WHAT YOU HAVE TO DO
Reproduce the line containing "this 1510×1398 image." in the listing below, then every later line up to the end, precisely as written.
++++ TASK INPUT
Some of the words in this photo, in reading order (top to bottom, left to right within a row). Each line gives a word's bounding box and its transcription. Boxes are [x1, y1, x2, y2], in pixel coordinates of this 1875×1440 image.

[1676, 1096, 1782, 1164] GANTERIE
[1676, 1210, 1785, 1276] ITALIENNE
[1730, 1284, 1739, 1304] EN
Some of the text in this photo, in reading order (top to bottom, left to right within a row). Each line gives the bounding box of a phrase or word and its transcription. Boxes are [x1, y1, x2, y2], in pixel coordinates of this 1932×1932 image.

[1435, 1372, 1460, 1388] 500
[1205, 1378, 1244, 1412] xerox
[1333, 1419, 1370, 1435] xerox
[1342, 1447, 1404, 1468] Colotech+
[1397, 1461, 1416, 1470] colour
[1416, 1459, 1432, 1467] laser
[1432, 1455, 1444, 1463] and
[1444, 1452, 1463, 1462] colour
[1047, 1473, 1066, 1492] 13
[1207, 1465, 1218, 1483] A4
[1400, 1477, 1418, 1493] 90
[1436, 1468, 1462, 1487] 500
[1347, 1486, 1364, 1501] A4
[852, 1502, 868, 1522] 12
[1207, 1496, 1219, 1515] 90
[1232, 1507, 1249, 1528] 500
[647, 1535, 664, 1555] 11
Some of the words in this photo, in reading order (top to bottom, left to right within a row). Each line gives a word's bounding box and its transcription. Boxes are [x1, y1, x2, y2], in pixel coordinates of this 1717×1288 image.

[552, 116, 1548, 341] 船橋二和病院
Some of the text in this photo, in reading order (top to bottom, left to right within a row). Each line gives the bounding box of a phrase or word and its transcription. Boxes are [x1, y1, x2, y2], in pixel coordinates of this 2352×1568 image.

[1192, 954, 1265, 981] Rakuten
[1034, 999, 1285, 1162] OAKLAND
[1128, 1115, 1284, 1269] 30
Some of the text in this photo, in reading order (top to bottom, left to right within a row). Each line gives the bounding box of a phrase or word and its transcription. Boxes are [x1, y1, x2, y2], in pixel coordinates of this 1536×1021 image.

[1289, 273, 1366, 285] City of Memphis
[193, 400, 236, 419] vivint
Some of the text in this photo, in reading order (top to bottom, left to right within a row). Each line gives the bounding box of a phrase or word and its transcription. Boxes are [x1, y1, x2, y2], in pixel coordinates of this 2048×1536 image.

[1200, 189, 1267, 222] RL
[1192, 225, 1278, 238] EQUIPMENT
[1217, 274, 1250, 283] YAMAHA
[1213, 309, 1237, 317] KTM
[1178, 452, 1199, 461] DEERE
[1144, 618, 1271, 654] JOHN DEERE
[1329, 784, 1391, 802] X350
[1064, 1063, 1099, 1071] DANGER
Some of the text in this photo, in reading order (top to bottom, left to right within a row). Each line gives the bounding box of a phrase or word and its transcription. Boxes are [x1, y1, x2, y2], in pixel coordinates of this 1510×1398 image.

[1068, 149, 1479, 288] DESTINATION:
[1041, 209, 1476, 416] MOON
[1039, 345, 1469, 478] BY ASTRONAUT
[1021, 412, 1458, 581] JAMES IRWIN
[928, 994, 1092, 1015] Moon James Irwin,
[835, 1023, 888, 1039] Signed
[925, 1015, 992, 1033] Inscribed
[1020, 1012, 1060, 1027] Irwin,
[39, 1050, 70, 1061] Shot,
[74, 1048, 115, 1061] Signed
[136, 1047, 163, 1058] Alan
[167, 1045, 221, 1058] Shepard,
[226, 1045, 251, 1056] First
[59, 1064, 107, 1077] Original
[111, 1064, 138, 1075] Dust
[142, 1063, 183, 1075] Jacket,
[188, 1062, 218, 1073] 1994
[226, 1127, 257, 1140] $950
++++++++
RESPONSE FOR THIS EXERCISE
Some of the text in this photo, in reading order (top to bottom, left to right within a row). Each line gives the bounding box of a phrase or word and its transcription. Boxes are [x1, y1, x2, y2], in pixel coordinates of this 1510×1398 image.

[1068, 149, 1479, 288] DESTINATION:
[1041, 209, 1476, 416] MOON
[1039, 345, 1469, 478] BY ASTRONAUT
[1021, 412, 1458, 581] JAMES IRWIN
[928, 994, 1092, 1015] Moon James Irwin,
[835, 1023, 888, 1039] Signed
[925, 1015, 992, 1033] Inscribed
[1020, 1012, 1060, 1027] Irwin,
[39, 1050, 70, 1061] Shot,
[74, 1048, 115, 1061] Signed
[136, 1047, 163, 1058] Alan
[167, 1045, 221, 1058] Shepard,
[226, 1045, 251, 1056] First
[59, 1064, 107, 1077] Original
[111, 1064, 138, 1075] Dust
[142, 1063, 183, 1075] Jacket,
[188, 1062, 218, 1073] 1994
[226, 1127, 257, 1140] $950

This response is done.